Saved data entries
"""

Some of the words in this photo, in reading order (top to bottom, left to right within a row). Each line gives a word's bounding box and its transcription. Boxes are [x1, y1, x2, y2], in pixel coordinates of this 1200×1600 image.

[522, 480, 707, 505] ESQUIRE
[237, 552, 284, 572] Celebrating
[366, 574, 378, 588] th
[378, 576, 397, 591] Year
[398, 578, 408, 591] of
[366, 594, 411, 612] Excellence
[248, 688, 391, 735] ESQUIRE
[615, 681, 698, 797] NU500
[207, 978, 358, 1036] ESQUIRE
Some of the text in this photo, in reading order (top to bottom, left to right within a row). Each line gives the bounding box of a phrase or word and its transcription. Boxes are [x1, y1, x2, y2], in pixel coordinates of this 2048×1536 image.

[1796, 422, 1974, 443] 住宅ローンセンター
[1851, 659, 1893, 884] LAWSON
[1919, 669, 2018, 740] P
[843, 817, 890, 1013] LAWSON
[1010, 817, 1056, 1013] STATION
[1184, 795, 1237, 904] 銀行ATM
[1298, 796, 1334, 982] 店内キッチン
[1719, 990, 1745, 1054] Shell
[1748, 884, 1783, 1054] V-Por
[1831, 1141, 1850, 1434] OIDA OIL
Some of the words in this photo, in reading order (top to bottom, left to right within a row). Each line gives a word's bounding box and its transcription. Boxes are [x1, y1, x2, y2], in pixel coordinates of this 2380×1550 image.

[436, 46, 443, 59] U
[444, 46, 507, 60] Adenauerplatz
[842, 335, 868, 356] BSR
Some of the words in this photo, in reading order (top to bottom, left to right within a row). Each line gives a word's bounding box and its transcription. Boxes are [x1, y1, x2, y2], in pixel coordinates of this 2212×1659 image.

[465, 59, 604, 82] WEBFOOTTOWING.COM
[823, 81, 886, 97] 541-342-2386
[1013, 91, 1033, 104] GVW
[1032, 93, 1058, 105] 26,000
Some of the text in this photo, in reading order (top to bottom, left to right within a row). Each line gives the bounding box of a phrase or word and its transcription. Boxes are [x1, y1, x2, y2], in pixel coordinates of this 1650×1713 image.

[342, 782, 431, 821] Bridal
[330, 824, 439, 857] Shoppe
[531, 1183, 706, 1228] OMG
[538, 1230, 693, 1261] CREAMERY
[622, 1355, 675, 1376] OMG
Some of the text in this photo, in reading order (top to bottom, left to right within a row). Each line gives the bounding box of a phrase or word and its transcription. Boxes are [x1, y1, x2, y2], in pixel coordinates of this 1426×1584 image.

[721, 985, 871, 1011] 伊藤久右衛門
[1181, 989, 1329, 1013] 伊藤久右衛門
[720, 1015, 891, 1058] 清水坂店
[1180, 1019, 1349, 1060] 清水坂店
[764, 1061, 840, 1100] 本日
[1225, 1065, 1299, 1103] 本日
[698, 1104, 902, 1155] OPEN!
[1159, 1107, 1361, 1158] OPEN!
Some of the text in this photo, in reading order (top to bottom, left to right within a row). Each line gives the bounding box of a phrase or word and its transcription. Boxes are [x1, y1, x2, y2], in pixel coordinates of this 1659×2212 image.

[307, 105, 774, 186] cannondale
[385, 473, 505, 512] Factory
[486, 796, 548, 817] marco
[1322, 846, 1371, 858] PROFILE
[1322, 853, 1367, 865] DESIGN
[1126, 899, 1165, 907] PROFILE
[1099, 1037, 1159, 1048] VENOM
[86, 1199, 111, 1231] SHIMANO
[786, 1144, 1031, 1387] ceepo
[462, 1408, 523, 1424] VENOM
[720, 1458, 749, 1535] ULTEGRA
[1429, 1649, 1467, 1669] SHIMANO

"""

[Exercise directions]
Repeat each entry exactly as it was given.

[Problem solution]
Some of the words in this photo, in reading order (top to bottom, left to right within a row). Each line gives a word's bounding box and its transcription. Boxes are [x1, y1, x2, y2], in pixel coordinates of this 1200×1600 image.

[522, 480, 707, 505] ESQUIRE
[237, 552, 284, 572] Celebrating
[366, 574, 378, 588] th
[378, 576, 397, 591] Year
[398, 578, 408, 591] of
[366, 594, 411, 612] Excellence
[248, 688, 391, 735] ESQUIRE
[615, 681, 698, 797] NU500
[207, 978, 358, 1036] ESQUIRE
Some of the text in this photo, in reading order (top to bottom, left to right within a row). Each line gives the bounding box of a phrase or word and its transcription. Boxes are [x1, y1, x2, y2], in pixel coordinates of this 2048×1536 image.

[1796, 422, 1974, 443] 住宅ローンセンター
[1851, 659, 1893, 884] LAWSON
[1919, 669, 2018, 740] P
[843, 817, 890, 1013] LAWSON
[1010, 817, 1056, 1013] STATION
[1184, 795, 1237, 904] 銀行ATM
[1298, 796, 1334, 982] 店内キッチン
[1719, 990, 1745, 1054] Shell
[1748, 884, 1783, 1054] V-Por
[1831, 1141, 1850, 1434] OIDA OIL
Some of the words in this photo, in reading order (top to bottom, left to right within a row). Each line gives a word's bounding box and its transcription. Boxes are [x1, y1, x2, y2], in pixel coordinates of this 2380×1550 image.

[436, 46, 443, 59] U
[444, 46, 507, 60] Adenauerplatz
[842, 335, 868, 356] BSR
Some of the words in this photo, in reading order (top to bottom, left to right within a row). Each line gives a word's bounding box and its transcription. Boxes are [x1, y1, x2, y2], in pixel coordinates of this 2212×1659 image.

[465, 59, 604, 82] WEBFOOTTOWING.COM
[823, 81, 886, 97] 541-342-2386
[1013, 91, 1033, 104] GVW
[1032, 93, 1058, 105] 26,000
Some of the text in this photo, in reading order (top to bottom, left to right within a row). Each line gives the bounding box of a phrase or word and its transcription. Boxes are [x1, y1, x2, y2], in pixel coordinates of this 1650×1713 image.

[342, 782, 431, 821] Bridal
[330, 824, 439, 857] Shoppe
[531, 1183, 706, 1228] OMG
[538, 1230, 693, 1261] CREAMERY
[622, 1355, 675, 1376] OMG
Some of the text in this photo, in reading order (top to bottom, left to right within a row). Each line gives the bounding box of a phrase or word and its transcription. Boxes are [x1, y1, x2, y2], in pixel coordinates of this 1426×1584 image.

[721, 985, 871, 1011] 伊藤久右衛門
[1181, 989, 1329, 1013] 伊藤久右衛門
[720, 1015, 891, 1058] 清水坂店
[1180, 1019, 1349, 1060] 清水坂店
[764, 1061, 840, 1100] 本日
[1225, 1065, 1299, 1103] 本日
[698, 1104, 902, 1155] OPEN!
[1159, 1107, 1361, 1158] OPEN!
Some of the text in this photo, in reading order (top to bottom, left to right within a row). Each line gives the bounding box of a phrase or word and its transcription. Boxes are [x1, y1, x2, y2], in pixel coordinates of this 1659×2212 image.

[307, 105, 774, 186] cannondale
[385, 473, 505, 512] Factory
[486, 796, 548, 817] marco
[1322, 846, 1371, 858] PROFILE
[1322, 853, 1367, 865] DESIGN
[1126, 899, 1165, 907] PROFILE
[1099, 1037, 1159, 1048] VENOM
[86, 1199, 111, 1231] SHIMANO
[786, 1144, 1031, 1387] ceepo
[462, 1408, 523, 1424] VENOM
[720, 1458, 749, 1535] ULTEGRA
[1429, 1649, 1467, 1669] SHIMANO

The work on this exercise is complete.